WHAT IS REQUIRED →
Read through the records below and copy each line that uses the word "Flags".

Free-text object descriptions →

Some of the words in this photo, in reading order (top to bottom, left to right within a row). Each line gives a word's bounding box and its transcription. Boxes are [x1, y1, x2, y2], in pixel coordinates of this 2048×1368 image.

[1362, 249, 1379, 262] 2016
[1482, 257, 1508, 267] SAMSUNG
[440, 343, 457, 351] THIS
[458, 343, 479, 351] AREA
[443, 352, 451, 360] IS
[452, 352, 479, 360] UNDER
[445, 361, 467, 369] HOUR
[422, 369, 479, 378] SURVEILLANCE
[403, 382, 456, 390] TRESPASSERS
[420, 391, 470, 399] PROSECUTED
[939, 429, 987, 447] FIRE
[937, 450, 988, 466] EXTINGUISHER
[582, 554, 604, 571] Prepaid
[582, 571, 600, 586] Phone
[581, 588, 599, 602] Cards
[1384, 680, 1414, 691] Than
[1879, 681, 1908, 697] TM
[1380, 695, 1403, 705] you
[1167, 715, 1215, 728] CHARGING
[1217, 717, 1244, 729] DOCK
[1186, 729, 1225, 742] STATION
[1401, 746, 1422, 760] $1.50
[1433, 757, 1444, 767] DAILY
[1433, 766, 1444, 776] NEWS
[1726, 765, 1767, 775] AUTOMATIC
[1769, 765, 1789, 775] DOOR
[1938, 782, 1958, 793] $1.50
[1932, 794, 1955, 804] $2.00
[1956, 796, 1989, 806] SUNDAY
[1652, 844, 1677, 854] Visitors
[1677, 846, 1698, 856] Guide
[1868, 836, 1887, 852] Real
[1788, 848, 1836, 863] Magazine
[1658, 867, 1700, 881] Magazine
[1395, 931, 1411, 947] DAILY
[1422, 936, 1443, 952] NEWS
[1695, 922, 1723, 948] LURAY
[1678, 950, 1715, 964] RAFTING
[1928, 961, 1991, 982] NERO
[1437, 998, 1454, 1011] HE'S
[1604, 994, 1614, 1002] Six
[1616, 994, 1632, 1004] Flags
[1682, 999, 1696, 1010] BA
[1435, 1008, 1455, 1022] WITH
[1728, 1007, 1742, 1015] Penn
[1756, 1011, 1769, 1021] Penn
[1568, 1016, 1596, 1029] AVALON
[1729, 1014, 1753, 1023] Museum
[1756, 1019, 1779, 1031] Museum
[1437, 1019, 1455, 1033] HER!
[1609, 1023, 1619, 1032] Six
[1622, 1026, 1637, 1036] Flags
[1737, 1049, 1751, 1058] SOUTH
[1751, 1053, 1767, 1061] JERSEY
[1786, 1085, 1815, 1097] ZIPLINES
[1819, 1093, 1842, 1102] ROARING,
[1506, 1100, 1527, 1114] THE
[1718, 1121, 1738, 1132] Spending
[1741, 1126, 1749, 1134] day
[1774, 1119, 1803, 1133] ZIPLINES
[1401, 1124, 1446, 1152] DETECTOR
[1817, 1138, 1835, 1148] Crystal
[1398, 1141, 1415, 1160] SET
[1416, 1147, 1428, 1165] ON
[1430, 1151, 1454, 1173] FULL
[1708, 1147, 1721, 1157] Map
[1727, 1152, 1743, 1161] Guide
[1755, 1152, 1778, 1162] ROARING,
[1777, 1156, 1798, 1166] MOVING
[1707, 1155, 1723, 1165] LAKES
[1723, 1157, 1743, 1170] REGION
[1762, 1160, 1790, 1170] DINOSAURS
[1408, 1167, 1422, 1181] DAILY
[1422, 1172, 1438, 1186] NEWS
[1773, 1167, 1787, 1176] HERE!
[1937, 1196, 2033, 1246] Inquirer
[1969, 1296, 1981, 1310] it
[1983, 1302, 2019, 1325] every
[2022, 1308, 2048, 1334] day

WRITTEN SOLUTION →
[1616, 994, 1632, 1004] Flags
[1622, 1026, 1637, 1036] Flags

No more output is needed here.